# Task goal:
From the first line to the last, copy the listing exactly and omit the images.

Content starts

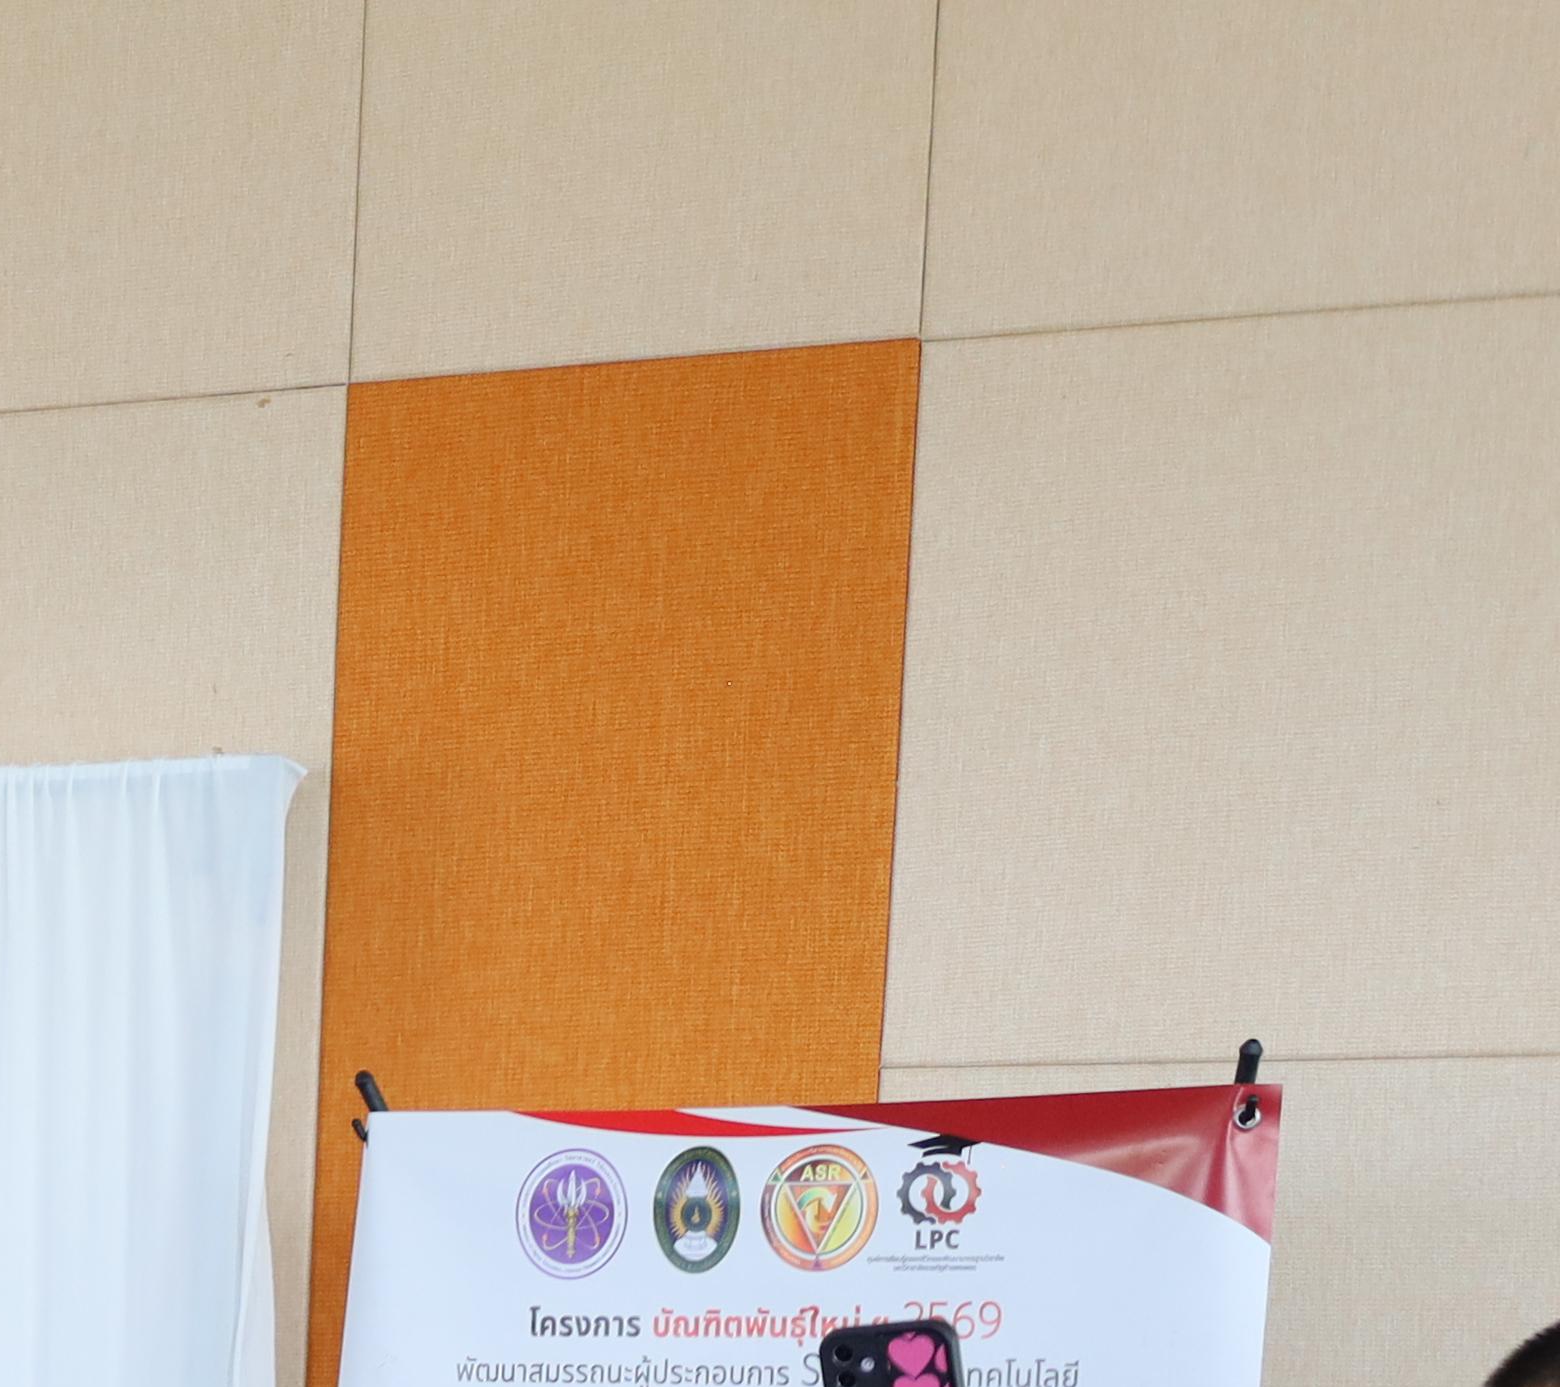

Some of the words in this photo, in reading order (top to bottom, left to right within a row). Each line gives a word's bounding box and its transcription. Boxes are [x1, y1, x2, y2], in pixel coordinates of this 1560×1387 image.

[799, 1163, 841, 1183] ASR
[914, 1230, 961, 1251] LPC
[528, 1306, 641, 1339] โครงการ
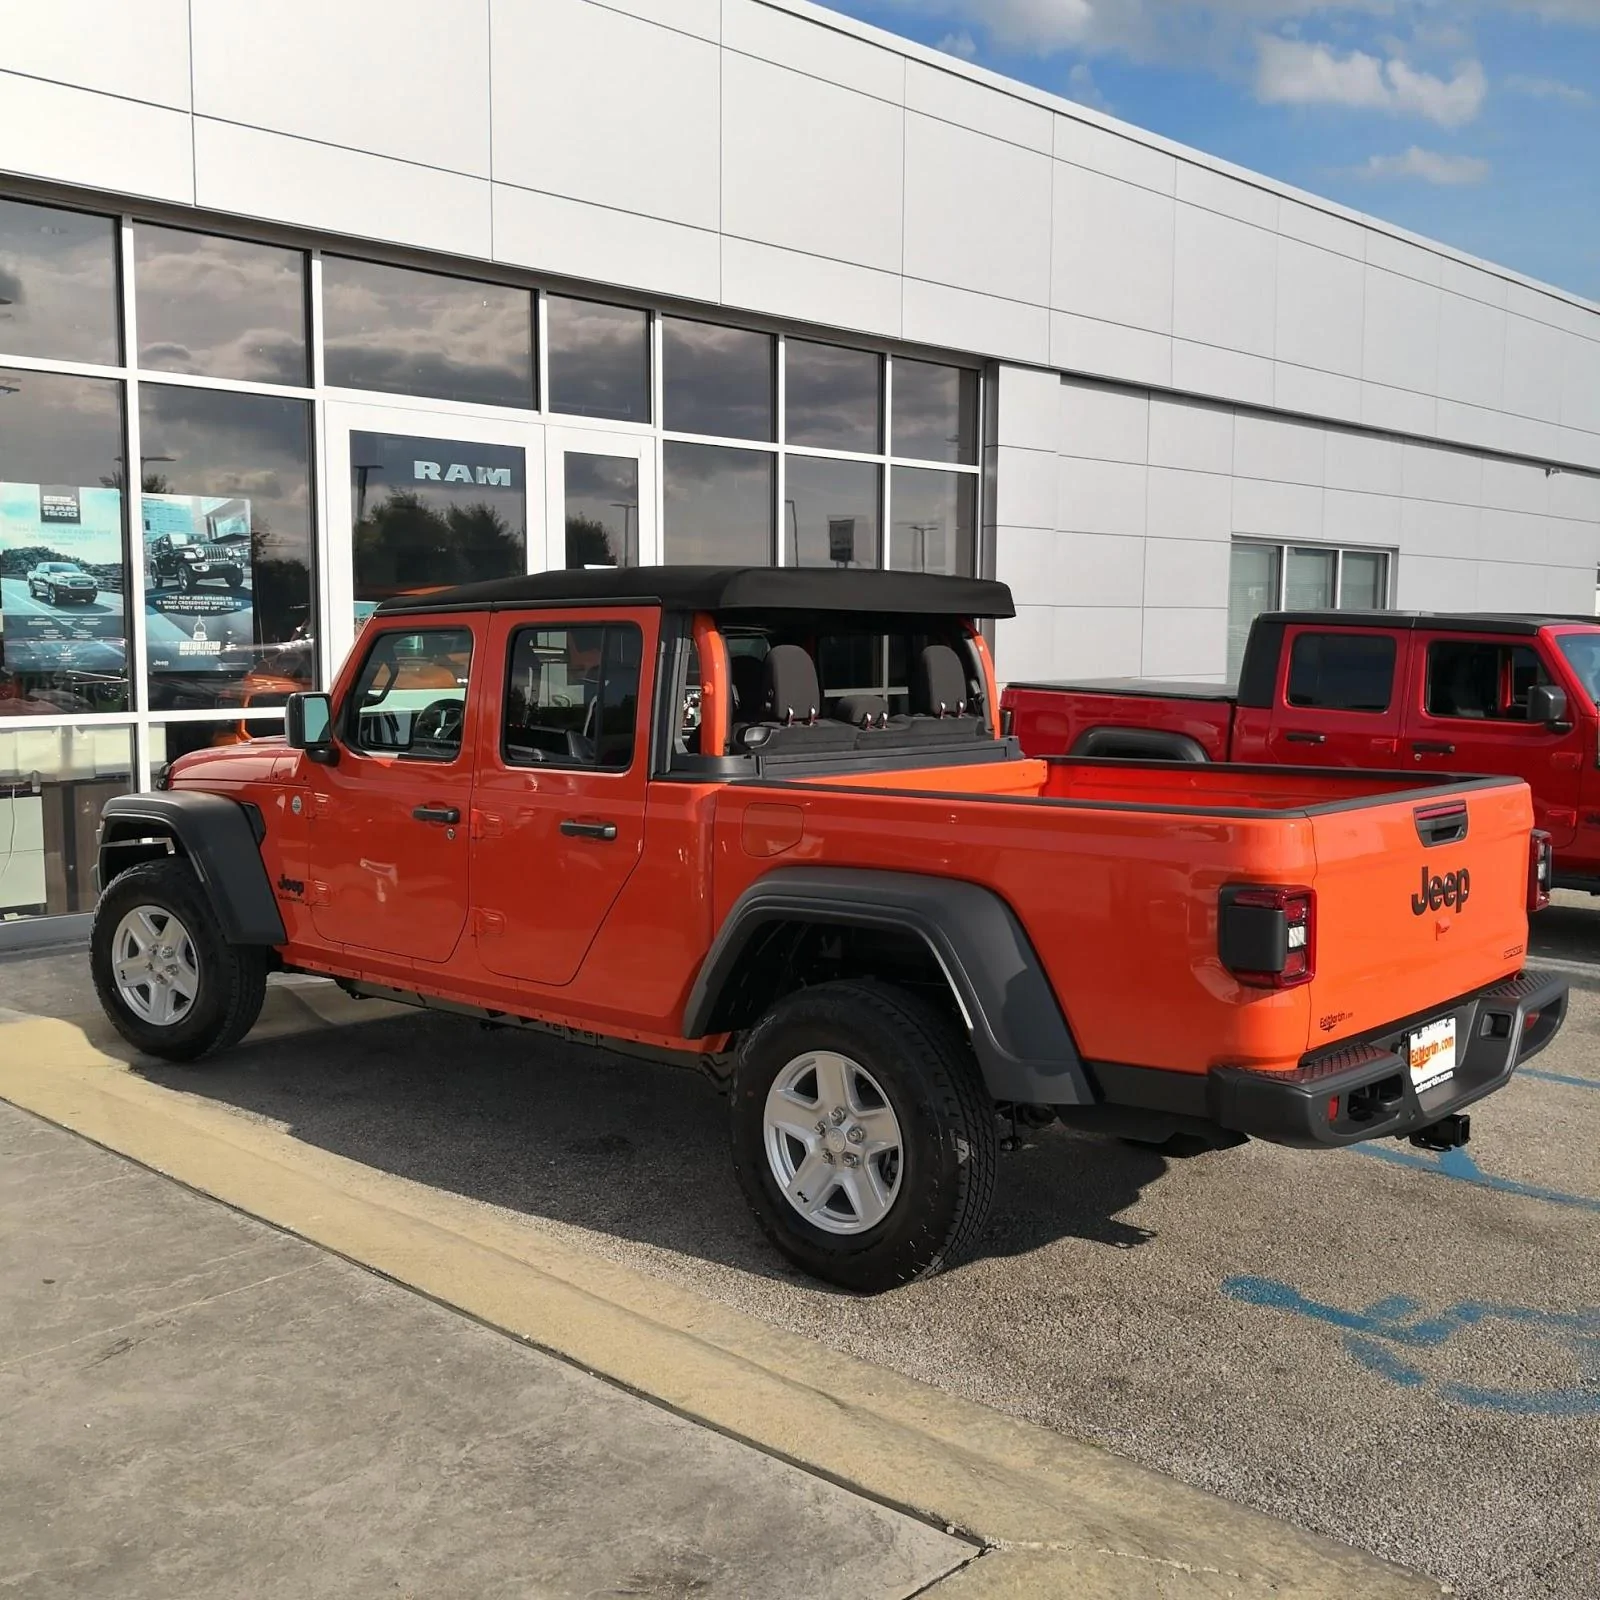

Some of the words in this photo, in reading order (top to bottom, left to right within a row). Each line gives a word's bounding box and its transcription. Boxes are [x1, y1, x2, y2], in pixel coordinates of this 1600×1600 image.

[414, 460, 511, 487] RAM
[277, 873, 304, 897] Jeep
[1411, 865, 1470, 916] Jeep

Content ends

# Answer for this exercise:
Some of the words in this photo, in reading order (top to bottom, left to right within a row). Each line gives a word's bounding box and its transcription. Boxes are [x1, y1, x2, y2], in pixel coordinates of this 1560×1387 image.

[799, 1163, 841, 1183] ASR
[914, 1230, 961, 1251] LPC
[528, 1306, 641, 1339] โครงการ

Some of the words in this photo, in reading order (top to bottom, left to right within a row). Each line gives a word's bounding box and its transcription. Boxes are [x1, y1, x2, y2], in pixel coordinates of this 1600×1600 image.

[414, 460, 511, 487] RAM
[277, 873, 304, 897] Jeep
[1411, 865, 1470, 916] Jeep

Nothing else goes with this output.